Now, if you were after an informative read, offering useful advice on what chair covers are available, where to find them and how much they cost, you have come to the wrong place (although you may find this post by my good friend over at Diary Of A Bride To Be useful). If, on the other hand, you would like to learn more about why chair covers are evil, read on.

These items were a pet hate of mine long before I got engaged and are fast becoming the bane of my life. Yet there was a time when weddings were a land free of chair covers. When you could walk into a reception venue and not be greeted by 100 grounded Casper the Friendly Ghosts wearing organza ribbons around their necks. I attended weddings in the 80s and 90s and don't remember once having to balance for dear life on a chair while worrying that the slippery case hanging on it would slide off, taking me with it.

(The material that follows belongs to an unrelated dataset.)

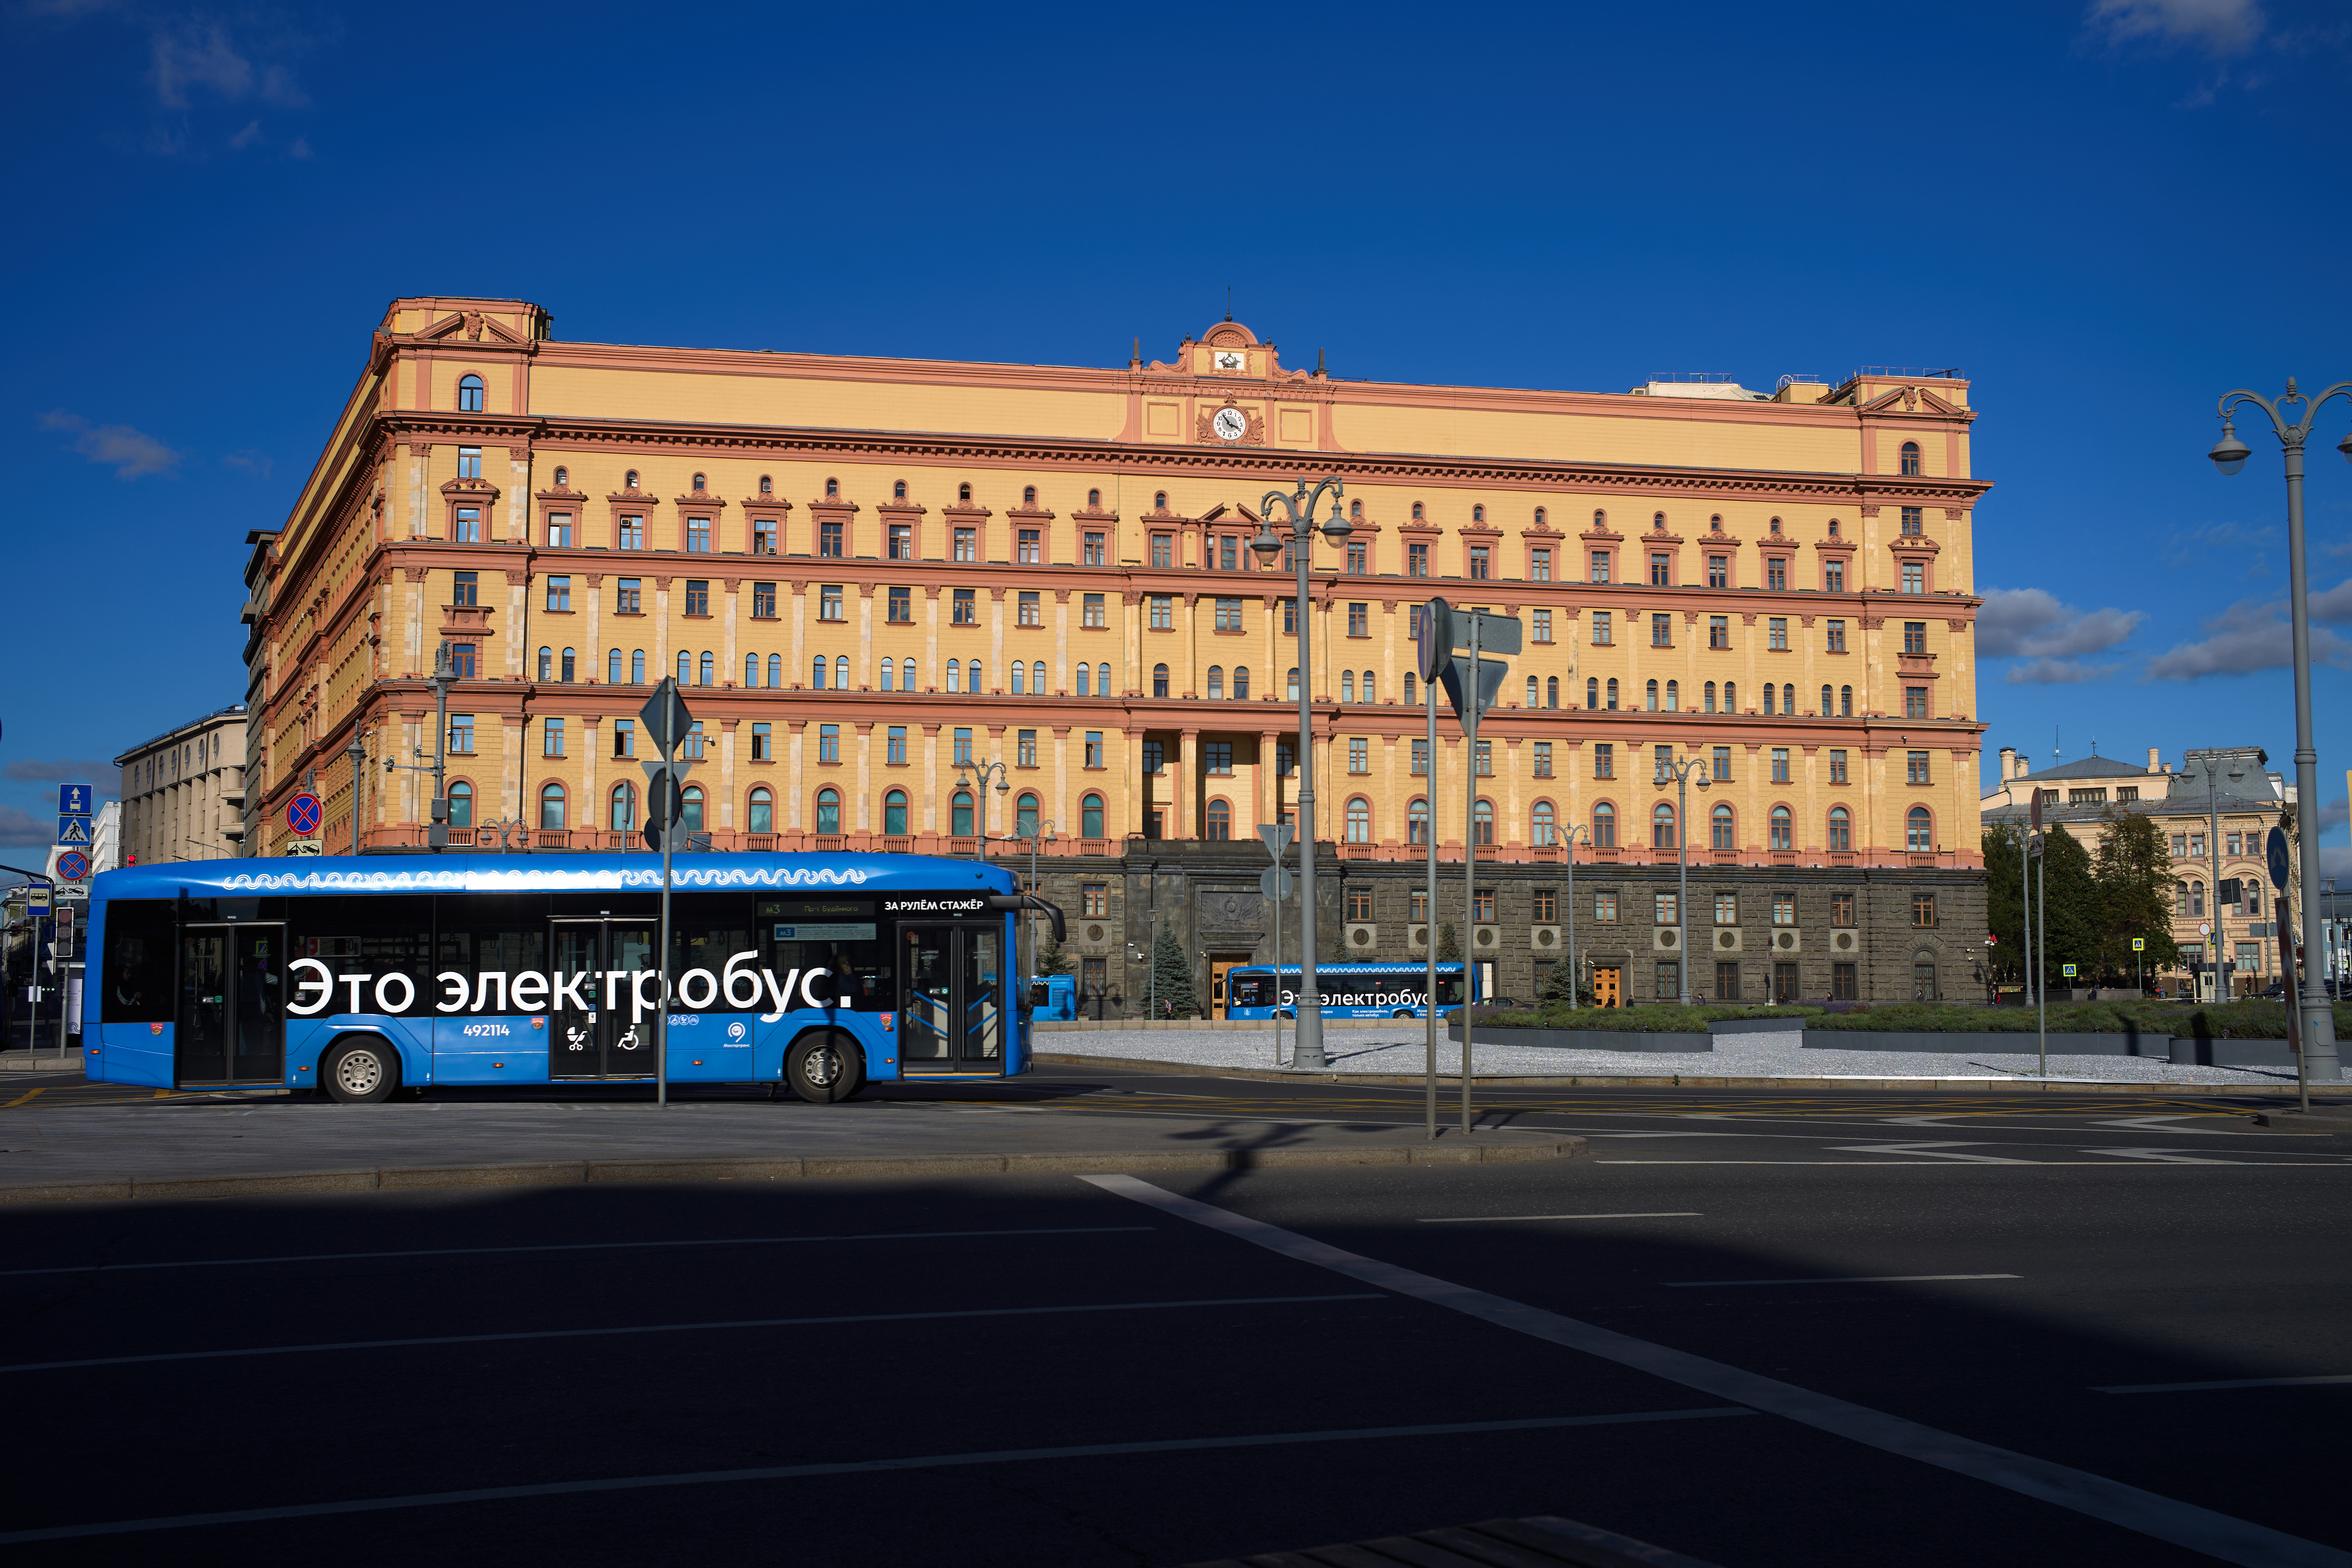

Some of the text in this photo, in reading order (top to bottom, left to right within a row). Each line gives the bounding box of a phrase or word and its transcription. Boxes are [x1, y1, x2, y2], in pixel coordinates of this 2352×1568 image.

[885, 899, 984, 910] ЗА РУЛЁМ СТАЖЁР
[286, 949, 851, 1023] Это электробус.
[463, 1024, 510, 1036] 492114

Yet according to the wedding rules for the new millennium, you simply are not allowed to have a wedding that does not feature chair covers in some capacity (or so they would have you believe). It's as though the rhyme should go:

Something old,
Something new,
Something borrowed,
Something blue, and
Something to cover your chairs, lest they get covered in goo

However, the risk of dropping goo on the chairs is not the reason we are all advised to cover them up. In fact, the reason these covers exist appears to be so guests' sensitive eyes are protected from the monstrous sight of the chairs themselves.



Wander around a wedding fayre and you'll see countless stands flogging these strange items, complete with bows available in every colour under the sun. You also have a choice of materials - slippery silk, powdery polyester, crumpled cotton or shiny Lycra - the latter of which will make all your chairs look like something out of a Mr Motivator Bums, Legs and Tums exercise video.

Then there's the task of fitting them. You can get up at the crack of dawn on your wedding day and, together with some unenthusiastic helpers, wrestle the covers on to the chairs yourself (and risk the room looking like the aftermath of a massacre at Dreams) or you can hire someone to do it for you. Either way - and whether you choose to rent or buy them - you're going to pay hundreds of pounds for the privilege of having each of your seats uniformly disguised so they don't look quite so obviously like chairs.

Why must we cover our chairs, though? In my opinion, unless the only chairs available are an absolute eyesore that belong nowhere other than a classroom or bonfire, they probably look better uncovered.

So, what's my problem? If I don't like them, I just shouldn't have them, right? Yes, except that for some reason the whole world EXPECTS couples to have chair covers at their wedding. And slowly, you can start to become brainwashed into thinking they're a vital component of your big day. Particularly if you learn that the chairs in the room you're having your wedding ceremony in are black, cushioned, faux-leather - great for relaxing with a cocktail and listening to some smooth jazz, perhaps not so great on the solemn occasion of a marriage. "Don't worry though," everyone tells me: "You can hire some chair covers."



And so, that is why I am using this blog to directly appeal to wedding venue owners across the land. Buy some decent chairs. Just some plain wooden chairs painted white. They don't have to cost a fortune; they just have to blend into the background and perform the function they were designed for - to be sat on. If every venue seeing a good trade in wedding hire was to replace their plastic school chairs/folding metal seats/faux-leather furniture with a set of bland and inoffensive chairs, we could end the chair cover madness forever.

On behalf of shawl wearers and conspiracy theorists everywhere, I say it is time we reclaim the term cover-up once and for all. Because the only thing that needs covering up in the world of weddings is its shameful obsession with chair covers.